No relation to the current prime minister, Boris are a band from Japan that have a career spanning 17 years and 25 studio albums. They’re known for their unwillingness to stick with one sound, frequently and seamlessly jumping from one genre to the next over the years. For the first time, they brought their signature brand of experimental music to Leicester with terrific results.
Grammy winning Norwegian noise rockers Årabrot took to the stage first, giving the audience a taste of the loudness to come with a raw, post punk edge. Vocalist Kjetil’s cool hat gave him a distinctive stage presence, looking like something from a Jadorowsky film as he wailed, crooned and growled over snarling guitar work, sometimes accompanied by soft piano work that provided a nice juxtaposition.

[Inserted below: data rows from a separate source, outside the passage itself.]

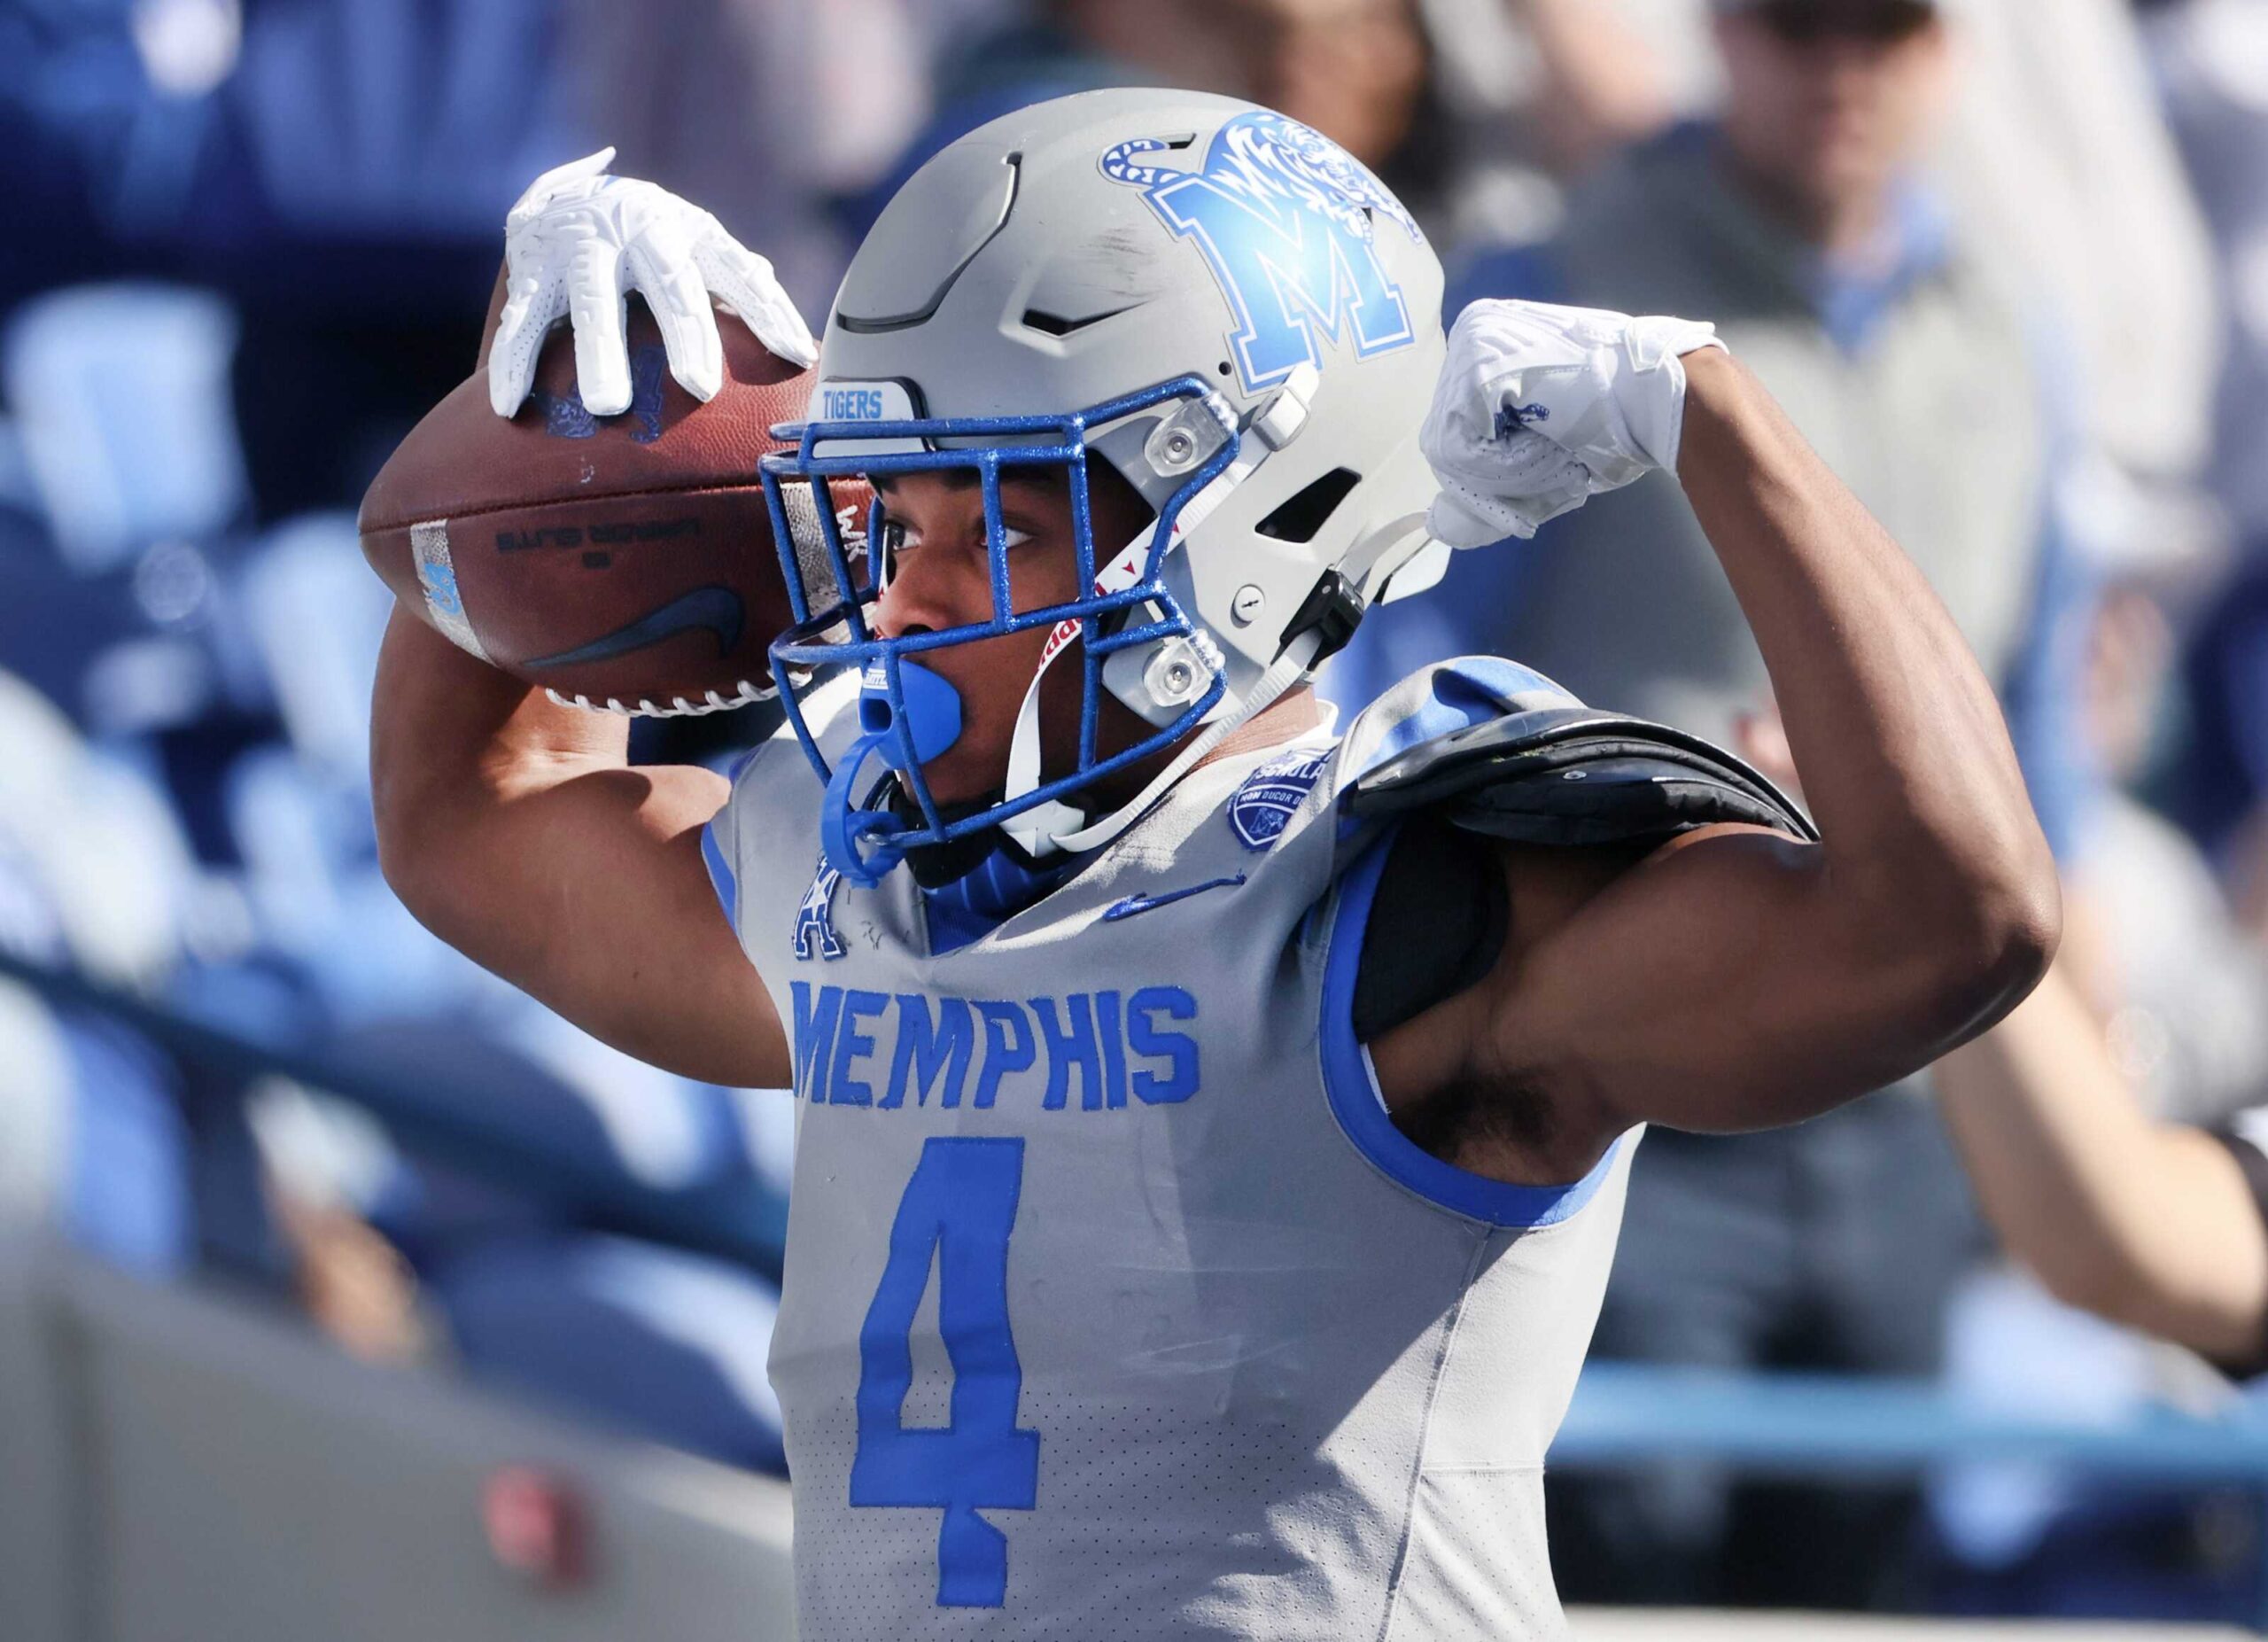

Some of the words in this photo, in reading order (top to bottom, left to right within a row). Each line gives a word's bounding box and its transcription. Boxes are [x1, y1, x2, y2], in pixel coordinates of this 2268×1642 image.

[823, 390, 883, 419] TIGERS
[1255, 761, 1326, 779] SCHOLA
[1240, 791, 1262, 803] NON
[1262, 791, 1293, 805] DUCOR
[789, 981, 1200, 1111] MEMPHIS
[848, 1136, 1040, 1607] 4

When the headliners were finished setting up, it was clear they had an interesting stage set-up. Lead guitarist Wata used an E-bow on her guitar to draw out feedback and add extra layers to drone sections, while Takeshi wielded an impressive double-necked rhythm/bass guitar that looked as heavy as it sounded. Then there was drummer Atsuo, whose drumkit was overshadowed by a huge gong.
All three members also provided vocals in both English and Japanese; with Wata adding a softer, more feminine tone that contrasted with Takeshi’s harsher singing. Meanwhile, Atsuo’s yelling took on an almost theatrical quality at times, occasionally punctuated with gong splashes.
Most of their set consisted of tracks from their latest album, Love & Evol, which is among the darker and more dissonant side of their discography with a couple of welcome post-rock moments sprinkled throughout, plus a suitably sludgy cover of the Melvins track that inspired their name.
It’s rare to see a band with a work ethic as strong as Boris. Not only do they put a lot of effort into writing and recording their famously eclectic music but they’re also touring fairly often. Hopefully their next UK trip includes another visit to Leicester.